See [docs/update-flow.md](docs/update-flow.md).
## Monitoring
The update agent exposes Prometheus metrics on port 9100:
```bash
kubesolo-update metrics --listen :9100
```
Metrics include: `kubesolo_os_info`, `boot_success`, `boot_counter`, `uptime_seconds`, `update_available`, `memory_total_bytes`, `memory_available_bytes`.
## Project Structure
```
├── Makefile # Build orchestration
├── build/ # Build scripts, kernel config, rootfs overlays
│ └── scripts/
│ ├── build-kernel.sh # Custom kernel compilation
│ ├── fetch-components.sh # Download components
│ ├── create-iso.sh # Bootable ISO
│ ├── create-disk-image.sh # A/B partition disk image
│ └── create-oci-image.sh # OCI container image
├── init/ # Custom init system (POSIX sh)

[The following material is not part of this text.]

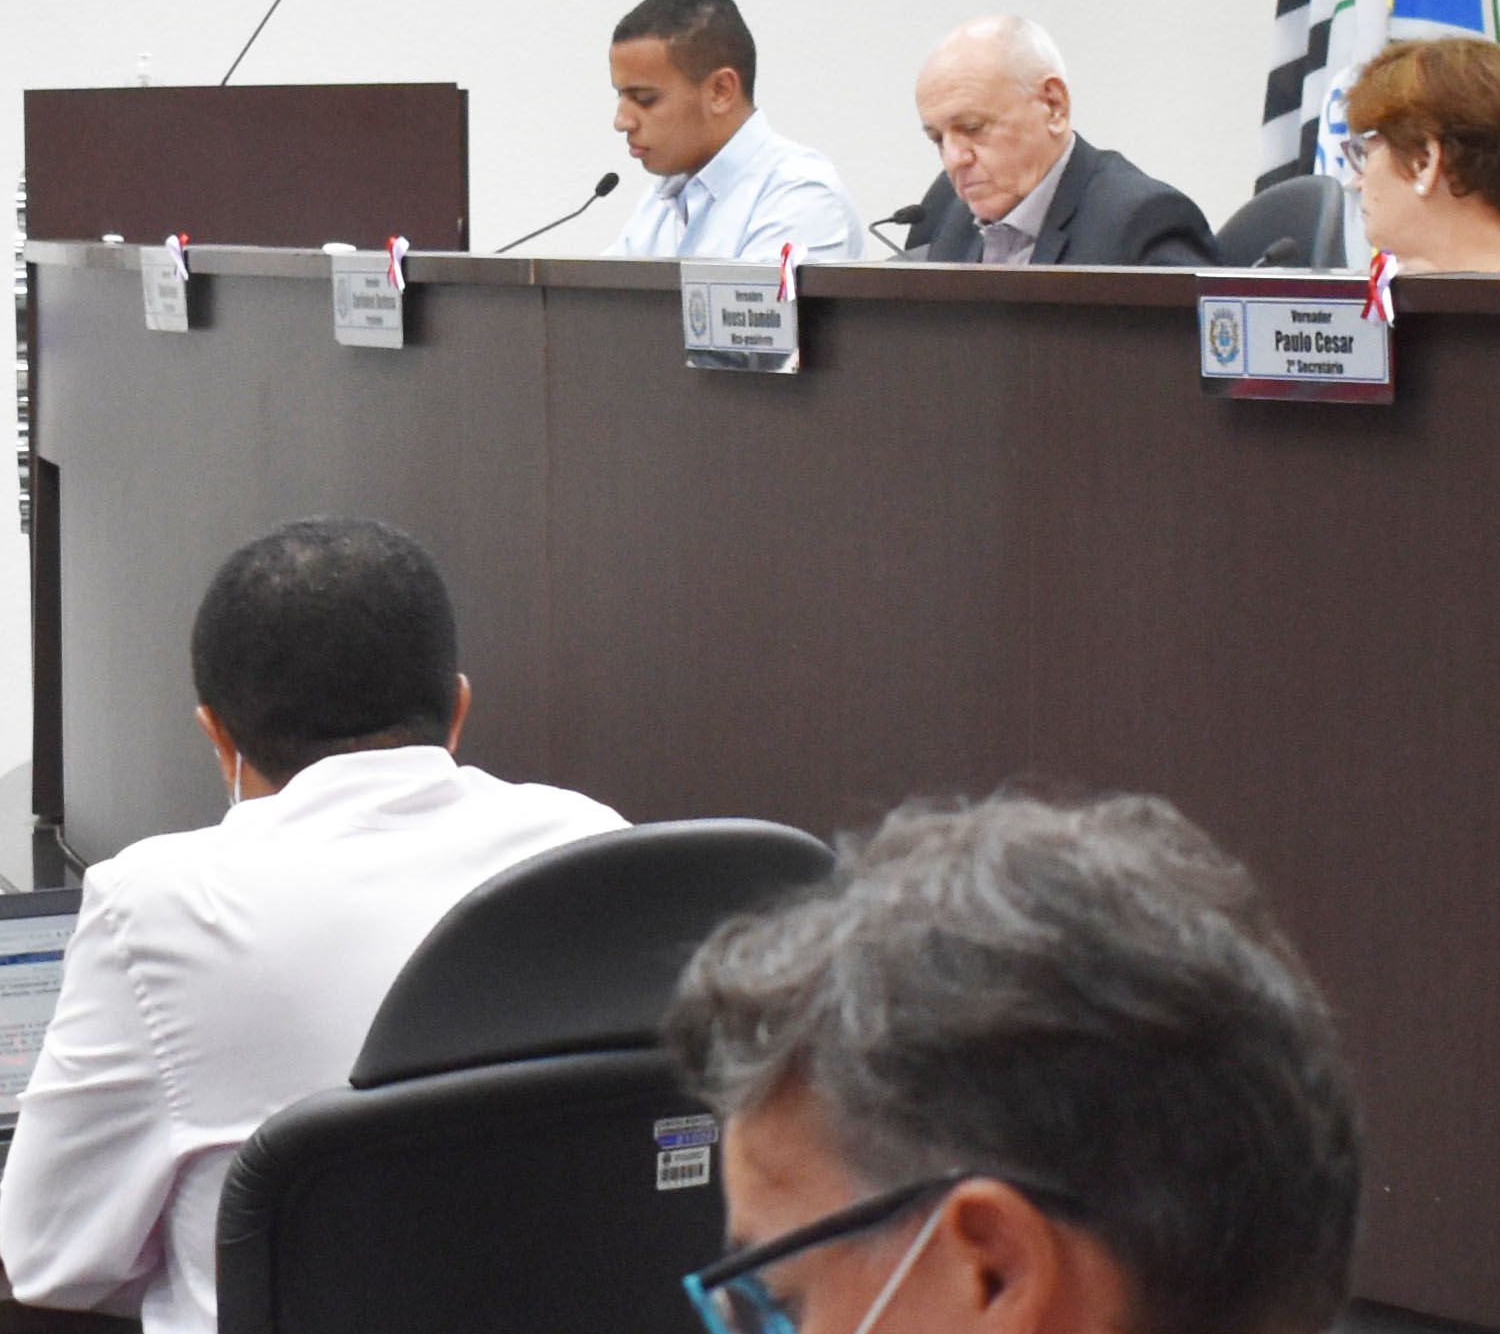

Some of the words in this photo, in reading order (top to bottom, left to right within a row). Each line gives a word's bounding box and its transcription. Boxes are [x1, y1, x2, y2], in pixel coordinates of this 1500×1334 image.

│ ├── init.sh # Main init + switch_root
│ └── lib/ # Staged boot scripts (00-90)
├── cloud-init/ # Go cloud-init parser
├── update/ # Go atomic update agent
├── test/ # QEMU-based automated tests + benchmarks
├── hack/ # Developer utilities (dev-vm, SSH, USB)
├── docs/ # Documentation
│ ├── design/ # Architecture design document
│ ├── boot-flow.md # Boot sequence reference
│ ├── update-flow.md # A/B update reference
│ ├── cloud-init.md # Cloud-init configuration reference
│ └── deployment-guide.md # Deployment and operations guide
└── .gitea/workflows/ # CI/CD (Gitea Actions)
```
## Make Targets
| Target | Description |
|--------|-------------|
| `make fetch` | Download Tiny Core ISO + KubeSolo binary |
| `make kernel` | Build custom kernel (cached) |
| `make build-cloudinit` | Compile cloud-init Go binary |
| `make build-update-agent` | Compile update agent Go binary |
| `make rootfs` | Extract Tiny Core + inject KubeSolo |
| `make initramfs` | Pack initramfs (kubesolo-os.gz) |
| `make iso` | Create bootable ISO |
| `make disk-image` | Create A/B partition disk image |
| `make oci-image` | Package as OCI container |
| `make build-cross` | Cross-compile for amd64 + arm64 |
| `make docker-build` | Build everything in Docker |
| `make quick` | Fast rebuild (re-inject + repack + ISO) |
| `make dev-vm` | Launch QEMU dev VM (Linux + macOS) |
| `make test-all` | Run all tests |
## Documentation
- [Architecture Design](docs/design/kubesolo-os-design.md) — full research and technical specification
- [Boot Flow](docs/boot-flow.md) — boot sequence from GRUB to K8s Ready
- [Update Flow](docs/update-flow.md) — A/B atomic update mechanism
- [Cloud-Init](docs/cloud-init.md) — first-boot configuration reference
- [Deployment Guide](docs/deployment-guide.md) — installation, operations, troubleshooting
## Roadmap
| Phase | Scope | Status |
|-------|-------|--------|
| 1 | PoC: boot Tiny Core + KubeSolo, verify K8s | Complete (x86_64) |
| 2 | Cloud-init Go parser, network, hostname | Complete |
| 3 | A/B atomic updates, GRUB, rollback agent | Complete (x86_64) |
| 4 | Ed25519 signing, Portainer Edge, SSH extension | Complete |
| 5 | CI/CD, OCI distribution, Prometheus metrics, ARM64 cross-compile | Complete |
| 6 | Security hardening, AppArmor | Complete |
| - | Custom kernel build for container runtime fixes | Complete (x86_64) |
| 7 | ARM64 generic (mainline kernel, UEFI, virtio) | Complete (v0.3.0, QEMU validated) |
| 8 | Update engine v2 (state machine, channels, OCI, pre-flight gates) | Complete (v0.3.0) |
| - | ARM64 Raspberry Pi (custom kernel, firmware, SD card image) | Paused — needs hardware |
| - | OCI cosign signature verification | Planned for v0.3.1 |
| - | LABEL=KSOLODATA on ARM64 (replace blkid/findfs path) | Planned for v0.3.1 |
| - | Real-hardware ARM64 validation (Graviton / Ampere) | Planned for v0.3.1 |
## License
MIT License — see [LICENSE](LICENSE) for details.